Roosevelt Island Red Bus GPS Tracking System For Octagon Residents But Not Anyone Else - At Least For Now

Waiting for bus image by Amy Kim Ganter

Very few issues on Roosevelt Island raise the ire of residents more than those involving the Red Bus. Whether it is the perceived special service for Octagon residents, unreliability, bunching together, conduct of the drivers or tethering to the Tram Schedule - anything involving the Roosevelt Island Red Bus is sure to be of great importance to residents. Here's the latest.

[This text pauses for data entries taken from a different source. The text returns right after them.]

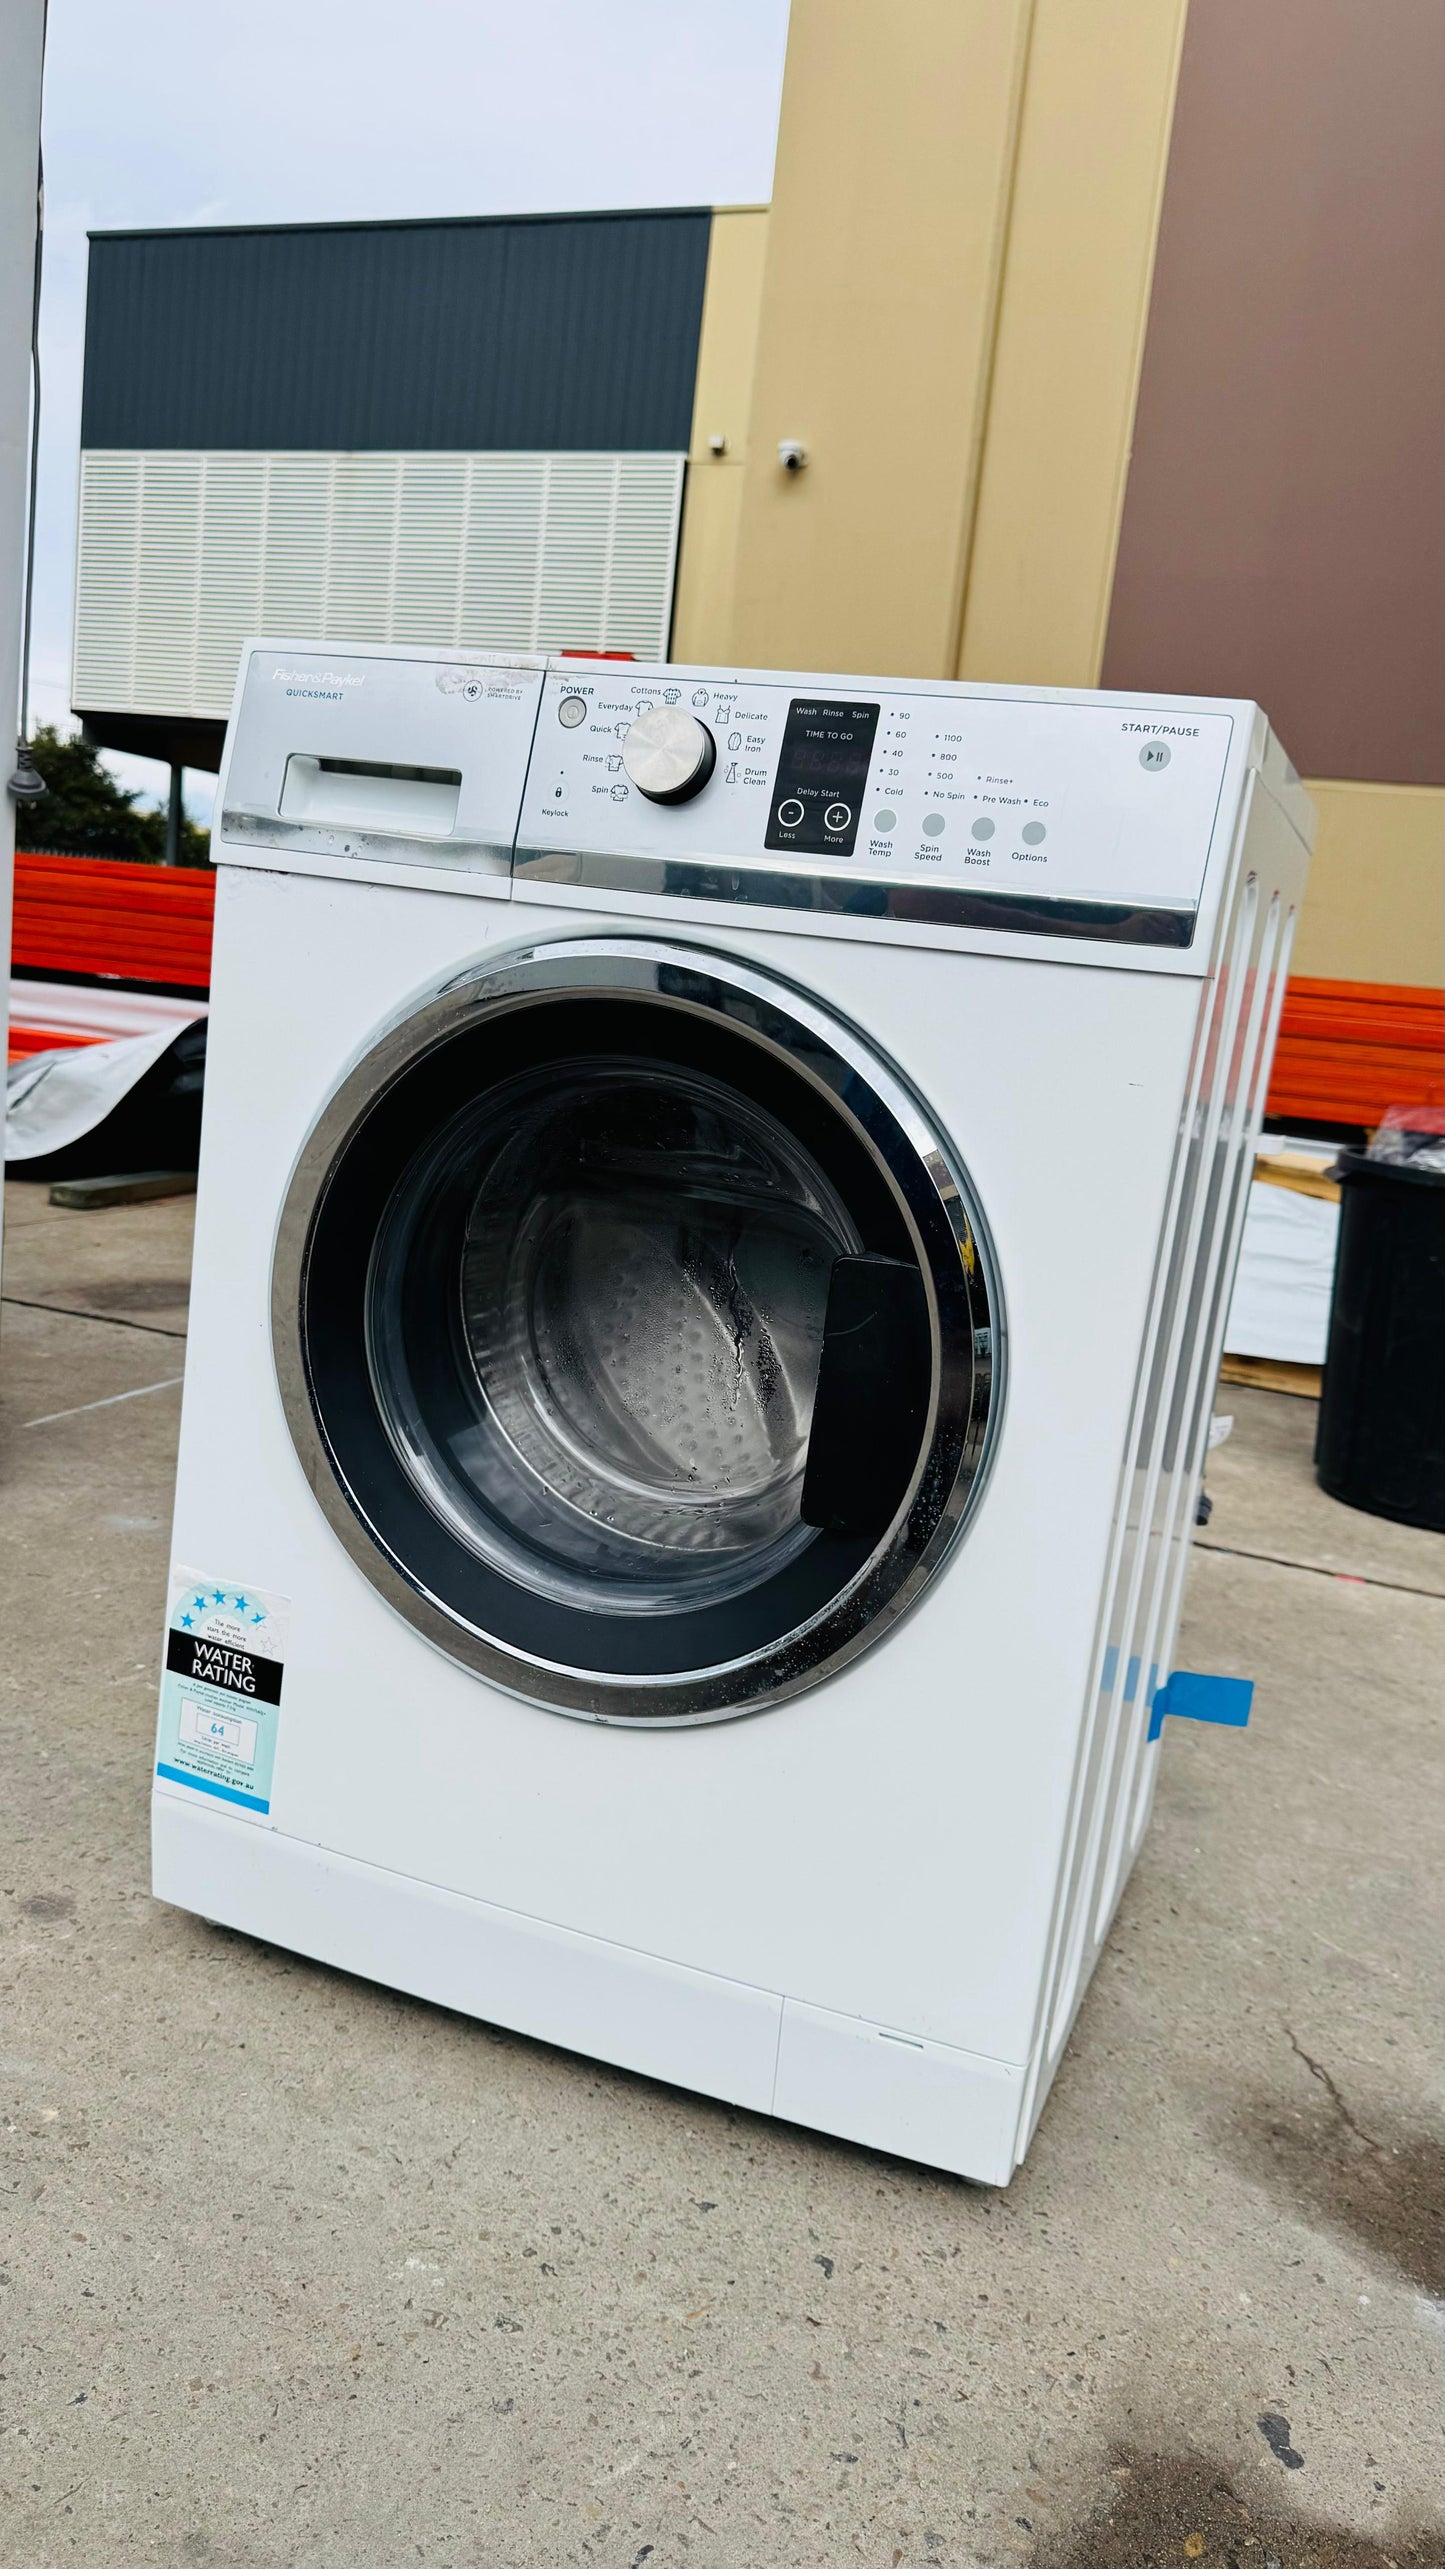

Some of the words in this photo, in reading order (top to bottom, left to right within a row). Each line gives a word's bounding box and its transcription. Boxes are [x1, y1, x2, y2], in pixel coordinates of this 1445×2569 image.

[286, 688, 344, 700] QUICKSMART
[560, 686, 594, 695] POWER
[631, 686, 661, 695] Cottons
[713, 692, 738, 702] Heavy
[598, 702, 633, 712] Everyday
[735, 711, 768, 721] Delicate
[796, 707, 817, 716] Wash
[822, 709, 844, 717] Rinse
[852, 711, 870, 719] Spin
[899, 712, 910, 720] 90
[590, 725, 612, 733] Quick
[1121, 723, 1200, 737] START/PAUSE
[805, 730, 824, 739] TIME
[827, 732, 838, 740] TO
[840, 733, 854, 741] GO
[895, 730, 907, 739] 60
[943, 734, 962, 742] 1100
[746, 735, 766, 745] Easy
[745, 745, 761, 753] Iron
[892, 750, 903, 758] 40
[940, 753, 957, 761] 800
[582, 755, 603, 763] Rinse
[745, 768, 767, 776] Drum
[888, 768, 899, 776] 30
[936, 772, 953, 780] 500
[743, 777, 766, 786] Clean
[985, 776, 1013, 785] Rinse+
[592, 785, 608, 794] Spin
[797, 787, 819, 797] Delay
[820, 789, 840, 798] Start
[884, 787, 904, 796] Cold
[932, 791, 945, 799] No
[947, 792, 965, 800] Spin
[982, 795, 996, 803] Pre
[999, 797, 1021, 806] Wash
[1033, 799, 1049, 807] Eco
[541, 808, 568, 817] Keylock
[778, 831, 796, 839] Less
[824, 835, 844, 844] More
[869, 839, 893, 849] Wash
[920, 843, 939, 853] Spin
[868, 847, 891, 857] Temp
[967, 848, 991, 857] Wash
[914, 852, 942, 862] Speed
[964, 856, 990, 866] Boost
[1011, 852, 1048, 863] Options
[194, 1641, 252, 1674] WATER
[191, 1658, 256, 1692] RATING
[211, 1723, 225, 1736] 64

At the December 4 RIOC Board of Directors Meeting (web cast available here at the 24 1/2 minute mark), RIOC President Steve Shane reported that the building owners of the Octagon requested the right to install a Global Positioning Tracking System (GPS) Antenna on top of the Roosevelt Island Red Buses that go to the Octagon so that Octagon residents can have up to date information on the arrival time of the Red Bus at the Octagon and perhaps at the Tram and Subway stations as well. This is a very good idea except that such a tracking system would not be available to residents of any Roosevelt Island building other than the Octagon.

Mr. Shane also disclosed that about eight months ago RIOC management considered and rejected the same GPS tracking system for all of Roosevelt Island. Mr. Shane said that at the time RIOC management could not justify the expense because, for other than the Octagon, the Red Bus route is "a fairly short run" and residents can "look up and down Main Street".

According to Mr. Shane, the cost of the system would be approximately $15-18,000 in initial capital cost and $4-5,000 in monthly expenses to RIOC. Upon prodding by RIOC Director Kraut, Mr. Shane agreed to revisit the issue of a GPS tracking service for Red Bus service to all of Roosevelt Island, advised the RIOC Board that they could choose to pay for such a system and indicated that he could ask the other building owners to contribute to the cost of the system. On the last point, RIOC Director Stewart advised that he knew the owners of Westview and Island House had previously rejected spending any money on such a system.

The RIOC Board approved the Octagon' request.

Here's a diagram of how the GPS bus tracking service works from Nextbus.


And a video of how it works in San Francisco.

6 comments :

Anonymous said...

About time there was a way to tell if the bus actually might show up - the lack of a schedule of any sort is ridiculous.

Anonymous said...

Two months after it's in use and I bet some kid from Island House starts transmitting a jamming signal....

Anonymous said...

Wouldn't it be much cheaper to create a schedule for the red bus instead? I mean, the Octagon folks probably asked Shane about the unreliable departure times of the bus. I wonder what his answer was that made them ask and pay for a GPS system.

Does the union the bus drivers are in prohibit the creation of a time table for the red bus?

Anonymous said...

"look up and down Main Street"? What the? Right now we have to be at the bus stop at least 20-30 minutes before the tram departs in order to be able to get a bus that gets us there on time. Sure, we end up looking up and down Main Street waiting for that bus to arrive. A GPS system like this allows us to check the location of the next bus over the Internet! Whoa! What a concept!